Since his days studying pediatrics in Mexico, Dr. Juan Pablo Rodriguez Auad has known at least two things for certain in his professional life: He had a passion for studying infectious diseases, and he wanted, someday, to return to Bolivia to help the children in his home country.
Those certainties have helped shape the past decade for Dr. Rodriguez-Auad. He did in fact return to Bolivia, becoming one of the few pediatric infectious disease specialists in his country. He now heads the Infectious Diseases Unit and the Infection Control Committee at Hospital del Niño “Dr. Ovidio Aliaga Uria” in the capital city of La Paz. There, he also manages the hospital’s pediatric infectious diseases residents.
Now another realization — gleaned from his daily rounds through the pediatric oncology ward — is helping to shape the doctor’s next chapter.
“We see a lot of children with cancer in my hospital,” he says. “And … we see how these children die because of infections. … That was the most important thing I learned in these years. I realized that children with cancer sometimes don’t die because of the cancer; they die because of infections.
“And these types of infections can be prevented.”
Dr. Rodriguez-Auad has set out to address this problem, applying for the Global Scholars Program and then focusing his Scholars Project on central line-associated bloodstream infections (CLABSI). He has seen these infections arising both from the installation of a catheter and, even more commonly, from the ensuing manipulation of the catheter to take samples, administer medications, or perform other actions for a patient’s treatment.
Dr. Rodriguez-Auad’s project will be deployed in two phases. First, he will use surveys and interviews to assess the hospital’s readiness for new infection prevention strategies. Then he will seek to implement the strategies themselves, with an eye toward establishing new protocols for hand hygiene, the use of antiseptics, and dressing changes, among others.
“Many studies have shown that if you don’t do a good preparation before any implementation of a quality improvement project, you are going to fail,” Dr. Rodriguez-Auad says. “You are going to fail in your objective to improve something. So … you need to know how prepared that unit is, in many ways. In knowledge. In attitudes. Motivation. Many things.”
Interestingly, he says, there hasn’t been much information published addressing this topic: the readiness for addressing CLABSI in institutions around the world. Particularly in low- and middle-income countries, he says, there can be challenges in implementing changes like this. A lack of resources, for one.
“Trying to do this project, I’ve learned a lot,” he says. “The first thing I learned is you cannot do a change alone. So it’s very important to have alignment with key stakeholders, to try to influence other people, motivate other people.
“Sometimes, we don’t want to bring people in who are opposed to the things we want to do. But I’ve learned that these people are very important if you want to do a change. You have to hear the people. The other thing I’ve learned in this project is to have allies. And these allies sometimes are people who think different than you.”
These new approaches to change management and leadership were key things that Dr. Rodriguez-Auad took away from his time in the program.

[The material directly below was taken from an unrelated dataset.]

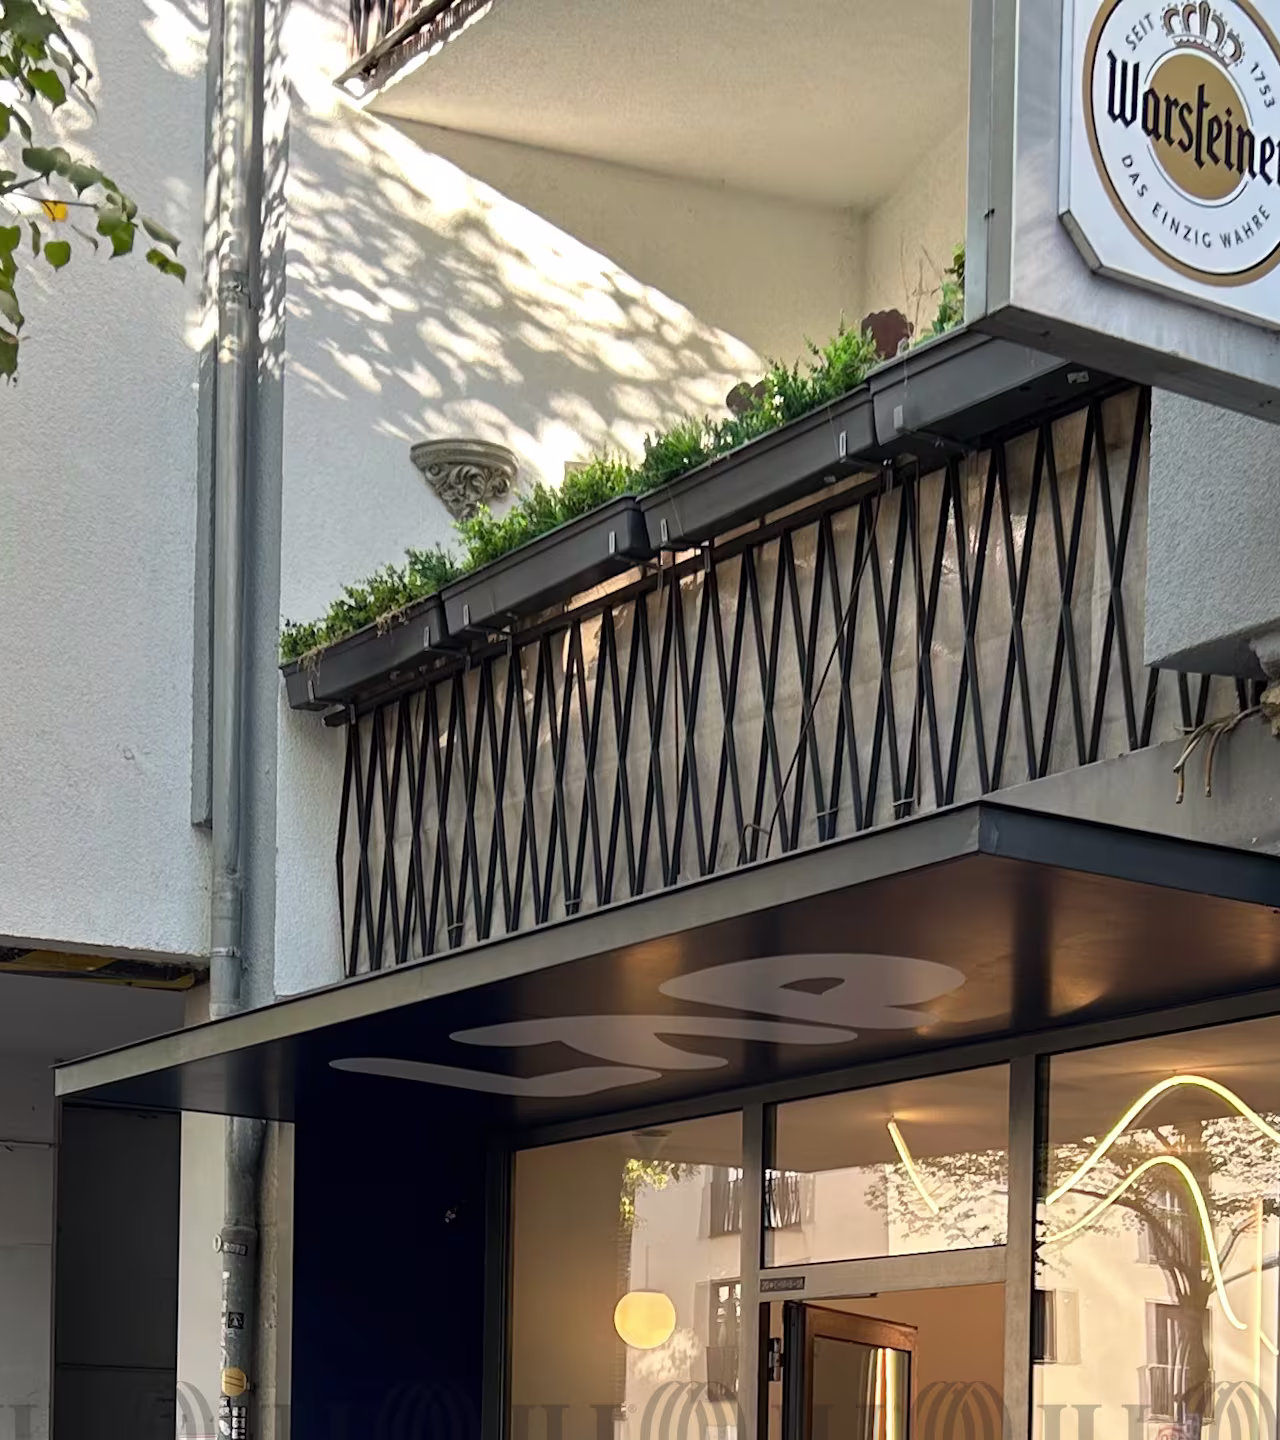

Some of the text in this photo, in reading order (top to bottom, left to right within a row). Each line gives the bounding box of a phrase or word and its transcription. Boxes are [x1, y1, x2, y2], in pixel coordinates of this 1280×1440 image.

[1125, 13, 1276, 108] SEIT 1753
[1121, 154, 1271, 249] DAS EINZIG WAHRE

And the Scholars Project has not been the first time he’s put those skills to use.
As head of the Infectious Diseases Unit, he was on the front line of treating children with COVID-19, particularly in the early stages of the pandemic. That meant addressing shortages in resources, implementing new guidelines, and even appearing on television to answer COVID-19 questions related to children and their diagnosis and treatment.

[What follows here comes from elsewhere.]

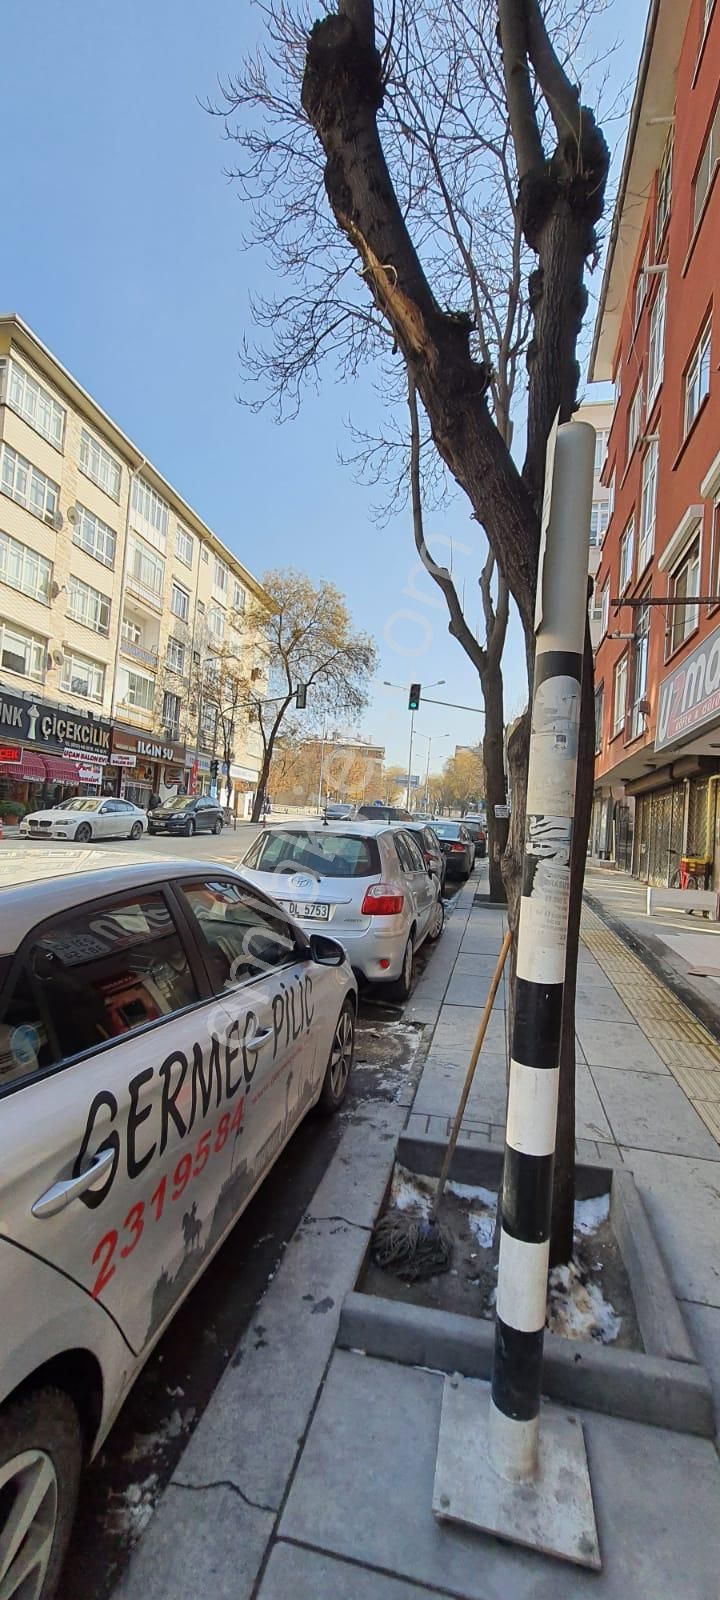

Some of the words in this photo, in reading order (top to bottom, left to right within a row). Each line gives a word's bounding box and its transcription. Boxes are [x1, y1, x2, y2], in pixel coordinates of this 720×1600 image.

The master’s, he says, provided tools to meet that challenge.
“We tried to put some skills we learned about leadership into practice,” he says. “We needed a lot of leadership in COVID to organize the hospital, organize people, organize many things. And to write a protocol, guidelines, about COVID in my hospital.”
Beyond COVID-19, Dr. Rodriguez-Auad sees patients with a wide range of infectious ailments. The most common of these diseases are HIV, tuberculosis, upper respiratory infections, gastroenteritis, and hepatitis A. And with tropical locations less than two hours away from the elevated city of La Paz, he can also see patients with dengue, malaria, and fungal infections.
It is the HIV cases, in particular, that have stayed with him.
The majority of children with HIV in Bolivia contract it from their mother during pregnancy. Treating them, Dr. Rodriguez-Auad says, can be an emotional experience. He remembers one such patient who had lost both parents. While there have been advances in HIV medications, socioeconomic factors can still make it a challenge to get daily treatments to patients.
“There are many, many challenges in my country, and in many low- and middle-income countries,” he says. “I know that doing this master’s, and this program, I will improve my skills. I will have more tools to do my work better. And not only me. Through me, I’m going to empower other people — nurses, physicians. …
“I did this master’s for the children, to try to see more success in the treatment of these children — [so that] these children never die again from infections.”